PROBLEM: When you retype the records that follow, keep each word as it is and drop any pictures.
---------- AVAILABLE DATA
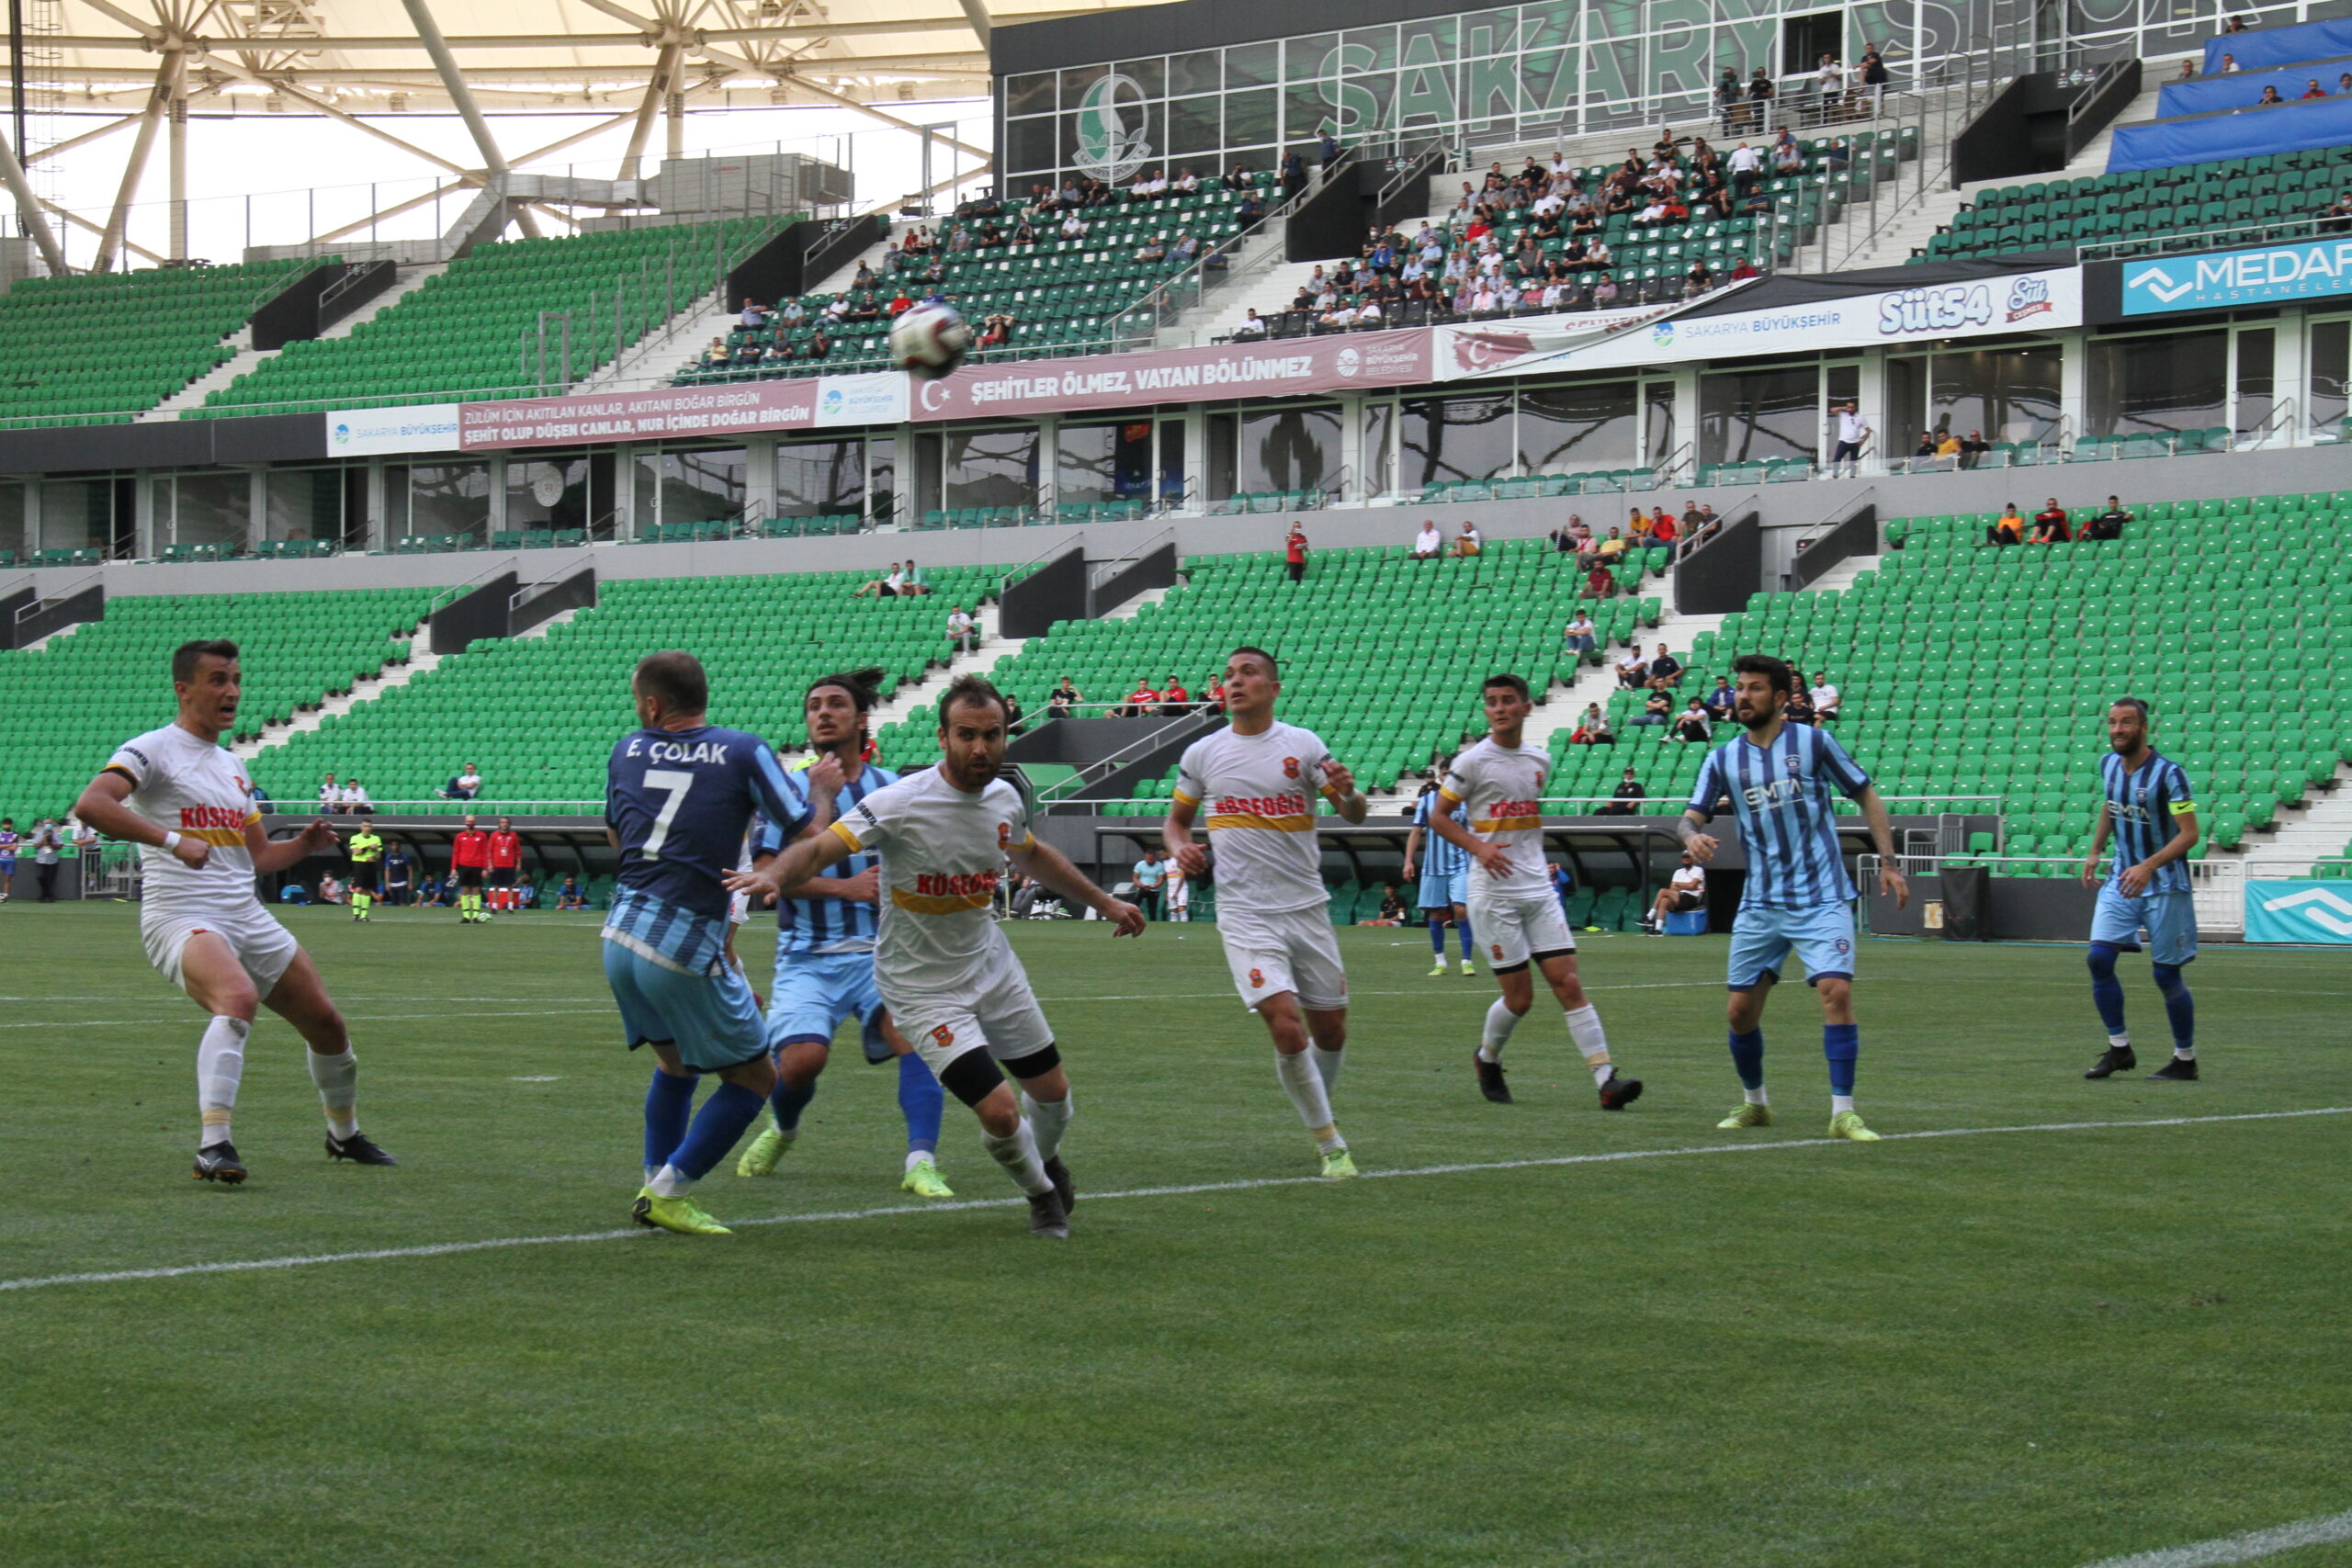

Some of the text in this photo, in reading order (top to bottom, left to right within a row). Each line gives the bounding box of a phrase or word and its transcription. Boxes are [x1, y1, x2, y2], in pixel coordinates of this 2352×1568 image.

[1314, 0, 2262, 147] SAKARYSP
[2196, 279, 2352, 301] HASTANELE
[1685, 310, 1841, 338] SAKARYA BÜYÜKŞEHİR
[1880, 285, 1992, 334] Süt54
[970, 356, 1313, 405] ŞEHİTLER ÖLMEZ, VATAN BÖLÜNMEZ
[465, 405, 809, 445] ŞEHİT OLUP DÜŞEN CANLAR, NUR İÇİNDE DOĞAR BİRGÜN
[502, 407, 524, 423] İÇİN
[526, 405, 577, 421] AKITILAN
[578, 402, 626, 418] KANLAR,
[674, 394, 715, 411] BOĞAR
[626, 739, 728, 764] E. ÇOLAK
[1743, 778, 1802, 806] EMTA
[642, 769, 695, 861] 7
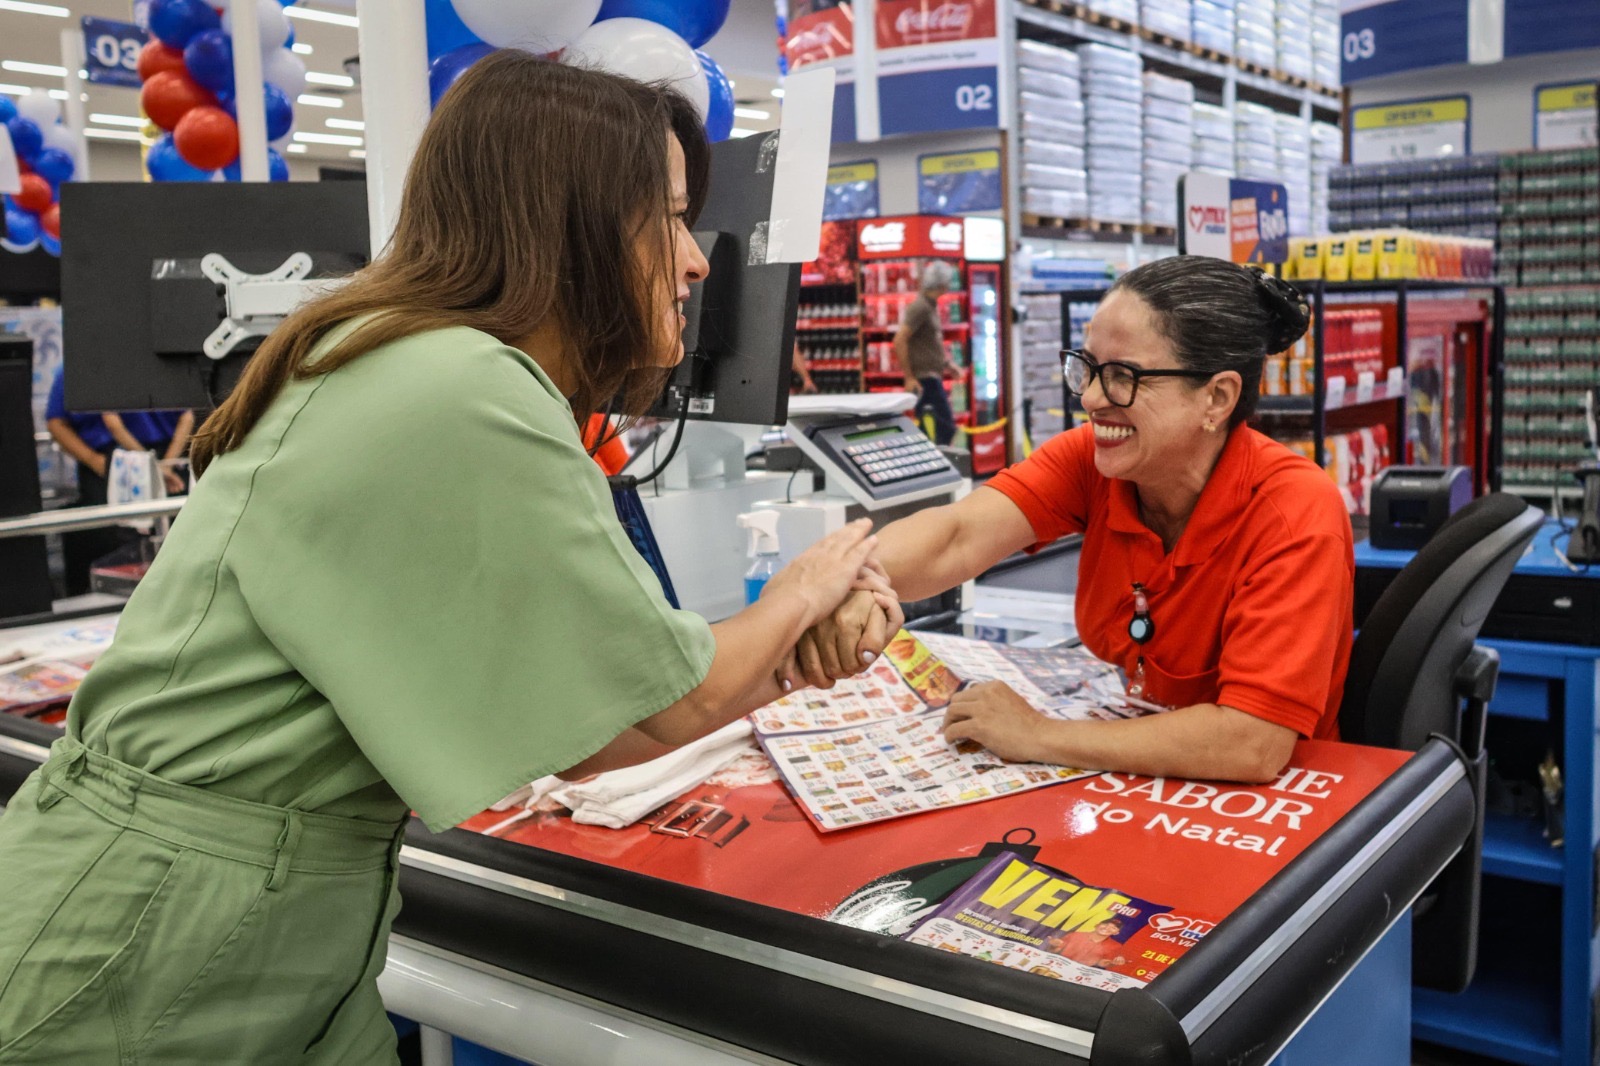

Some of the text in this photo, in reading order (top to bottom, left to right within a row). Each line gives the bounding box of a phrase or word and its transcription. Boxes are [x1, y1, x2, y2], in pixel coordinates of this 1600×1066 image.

[96, 35, 142, 71] 03
[1344, 29, 1375, 62] 03
[955, 85, 993, 111] 02
[1384, 109, 1434, 123] OFERTA
[1084, 771, 1314, 831] SABOR
[1073, 801, 1287, 857] do Natal
[978, 858, 1131, 934] VEM
[1110, 903, 1137, 917] PRO
[954, 912, 986, 929] OFERTAS
[984, 923, 996, 932] DE
[993, 928, 1044, 946] INAUGURAÇÃO
[1150, 932, 1176, 944] BOA
[1141, 950, 1156, 960] 21
[1155, 954, 1170, 963] DE
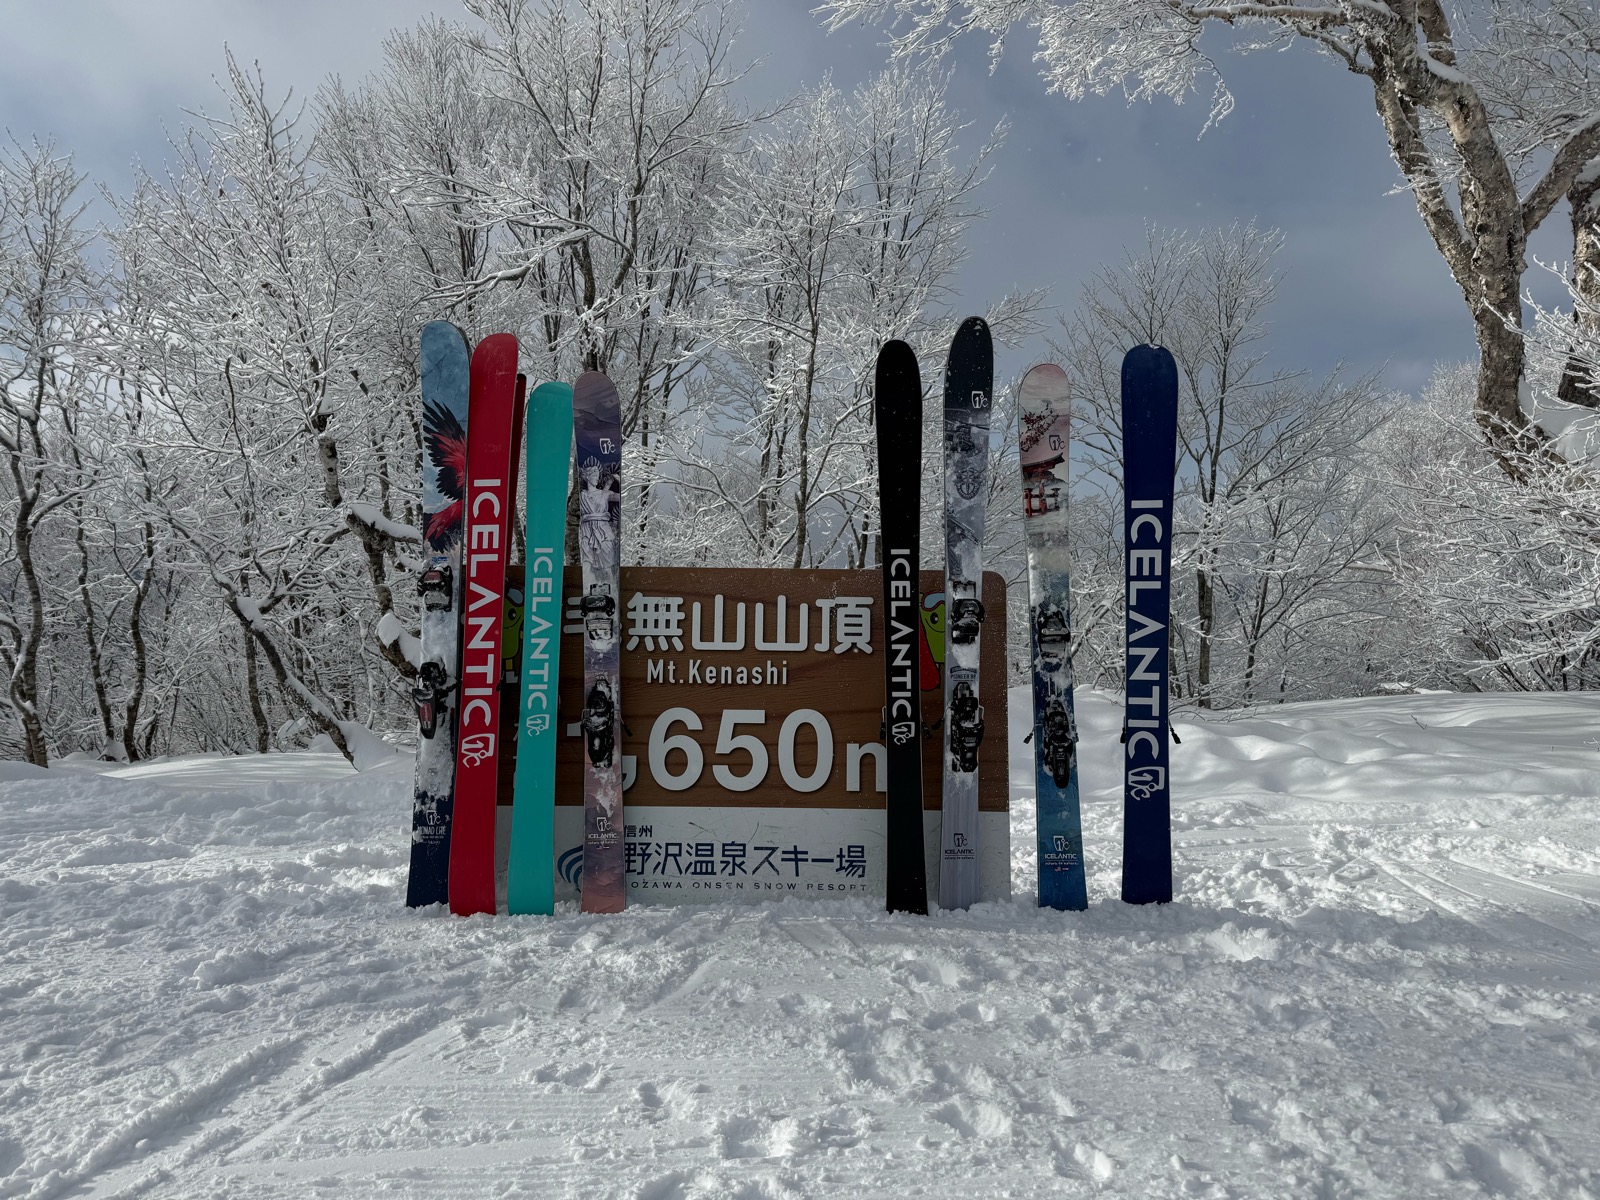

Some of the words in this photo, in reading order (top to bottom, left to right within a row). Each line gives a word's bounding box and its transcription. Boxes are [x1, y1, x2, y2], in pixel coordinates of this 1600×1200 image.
--------------------
TASK RESPONSE:
Some of the text in this photo, in reading order (top to bottom, left to right within a row). Each line gives the bounding box of a phrase or word and its transcription. Boxes are [x1, y1, x2, y2], in pixel coordinates of this 2352×1568 image.

[1314, 0, 2262, 147] SAKARYSP
[2196, 279, 2352, 301] HASTANELE
[1685, 310, 1841, 338] SAKARYA BÜYÜKŞEHİR
[1880, 285, 1992, 334] Süt54
[970, 356, 1313, 405] ŞEHİTLER ÖLMEZ, VATAN BÖLÜNMEZ
[465, 405, 809, 445] ŞEHİT OLUP DÜŞEN CANLAR, NUR İÇİNDE DOĞAR BİRGÜN
[502, 407, 524, 423] İÇİN
[526, 405, 577, 421] AKITILAN
[578, 402, 626, 418] KANLAR,
[674, 394, 715, 411] BOĞAR
[626, 739, 728, 764] E. ÇOLAK
[1743, 778, 1802, 806] EMTA
[642, 769, 695, 861] 7

Some of the text in this photo, in reading order (top to bottom, left to right within a row). Each line gives the bounding box of a phrase or word and its transcription. Boxes are [x1, y1, x2, y2], in pixel coordinates of this 1600×1066 image.

[96, 35, 142, 71] 03
[1344, 29, 1375, 62] 03
[955, 85, 993, 111] 02
[1384, 109, 1434, 123] OFERTA
[1084, 771, 1314, 831] SABOR
[1073, 801, 1287, 857] do Natal
[978, 858, 1131, 934] VEM
[1110, 903, 1137, 917] PRO
[954, 912, 986, 929] OFERTAS
[984, 923, 996, 932] DE
[993, 928, 1044, 946] INAUGURAÇÃO
[1150, 932, 1176, 944] BOA
[1141, 950, 1156, 960] 21
[1155, 954, 1170, 963] DE

Some of the words in this photo, in reading order (top to bottom, left to right within a row). Each line gives a word's bounding box and its transcription. Boxes are [x1, y1, x2, y2], in pixel coordinates of this 1600×1200 image.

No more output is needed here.